Requisites of a VAT-taxable sale of real property:
1. The seller executes a deed of sale, including dacion en pago, barter or exchange, assignment,
transfer or conveyance, or merely contract to sell involving real property
2. The real property is located in the Philippines
3. The seller or transferor is engaged in real estate business either as a real estate dealer,
developer or lessor
4. The real property is held primarily for sale or for lease in the ordinary course of his trade or
business
5. The sale is not exempt from VAT under Section 109, special law or international agreement
binding upon the government of the Philippines.
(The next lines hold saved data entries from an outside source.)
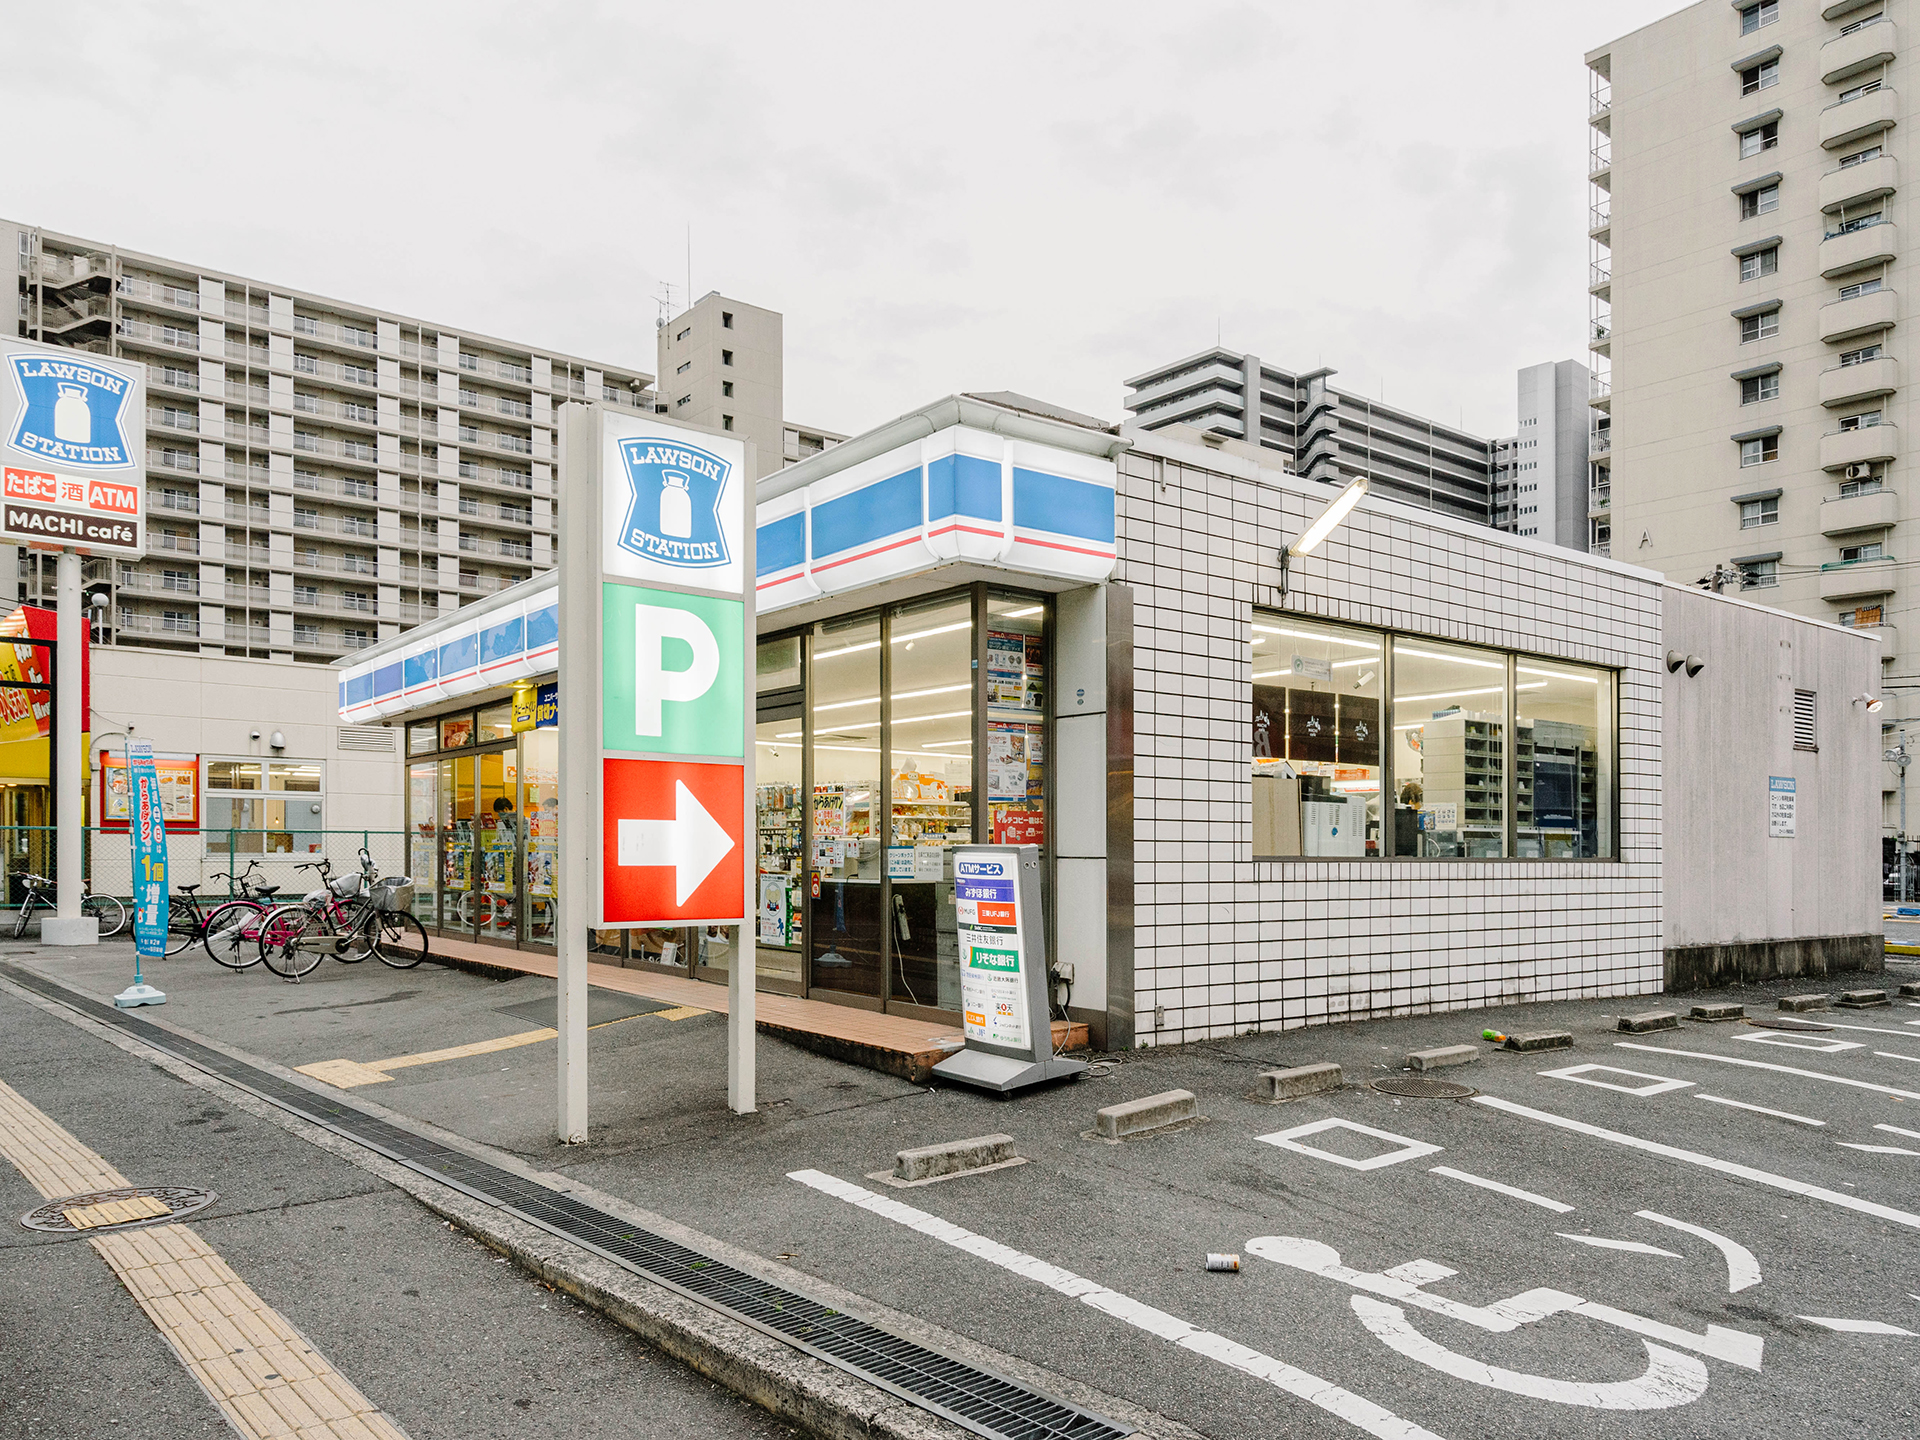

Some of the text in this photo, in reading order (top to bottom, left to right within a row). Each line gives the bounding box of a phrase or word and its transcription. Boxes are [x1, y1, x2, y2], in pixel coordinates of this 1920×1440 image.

[20, 362, 124, 395] LAWSON
[21, 431, 122, 462] STATION
[630, 447, 721, 481] LAWSON
[7, 472, 135, 510] たばこ 酒 ATM
[9, 510, 133, 542] MACHI café
[1639, 528, 1653, 549] A
[630, 528, 720, 560] STATION
[635, 603, 721, 737] P
[1771, 780, 1795, 790] LAWSON
[140, 777, 151, 842] からあげクン
[141, 855, 164, 882] 1個
[960, 863, 1001, 875] ATMサービス
[145, 884, 159, 926] 増量
[965, 887, 997, 900] みずほ銀行
[966, 933, 1004, 946] 三井住友銀行
[975, 951, 1015, 968] りそな銀行
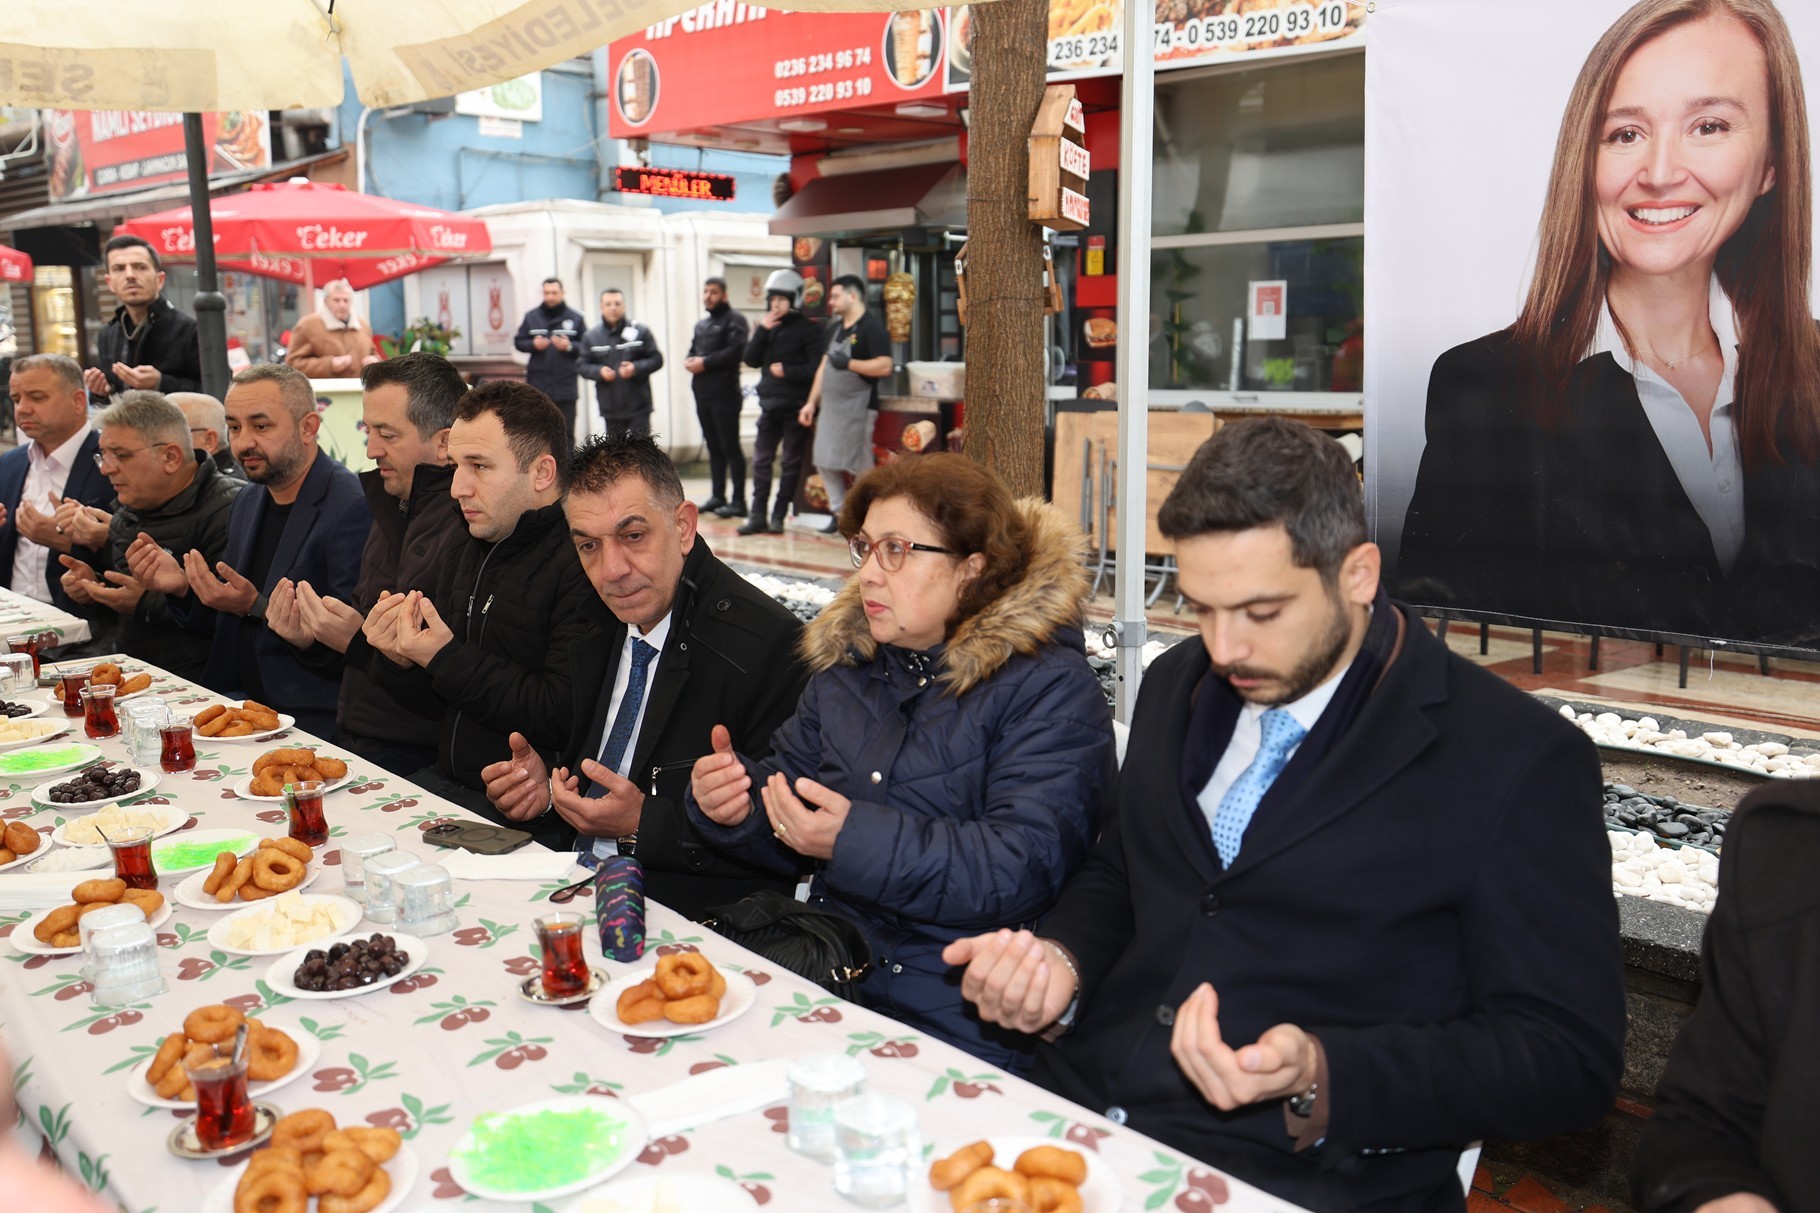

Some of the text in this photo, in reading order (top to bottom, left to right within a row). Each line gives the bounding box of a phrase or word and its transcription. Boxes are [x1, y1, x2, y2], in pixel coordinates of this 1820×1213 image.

6. The threshold amount set by the law should be met
Note: (1) The absence of any of the above requisites exempts the transaction from VAT. However,
percentage taxes may apply.
(2) As to (4) Remember that real properties held primarily for sale to customers are ordinary
assets. Hence, the income from the sale thereof shall form part of ordinary income subject to
graduated income tax rates. If it’s a capital asset, the income would be subject to capital gains
tax
(3) As to (6), the threshold amounts are: (1) The sale of a residential lot with a GSP must exceed
P1,919,500 and (2) the sale of a residential house and lot or other residential dwelling with GSP
must exceed P3,199,200. Otherwise, they are not exempt from VAT
Installment sale of a residential house and lot or other residential dwellings exceeding P1 million3
shall be subject to VAT.
(See SECTION 4.106-4, RR 16-2005 [SEPTEMBER 1, 2005], AS AMENDED BY RR 04-07
[FEBRUARY 7, 2007], RR 16-2011 [OCTOBER 27, 2011], RR 3-2013 [FEBRUARY 20, 2012]
AND RR 13-2012 [OCTOBER 12, 2012].)
How is VAT imposed on real property transactions?
1. If cash or deferred payment, then the VAT on the whole amount is already imposed
2. If installment, then the VAT is imposed on each payment
3. There is no VAT imposed on Section 40(C)(2) exchanges.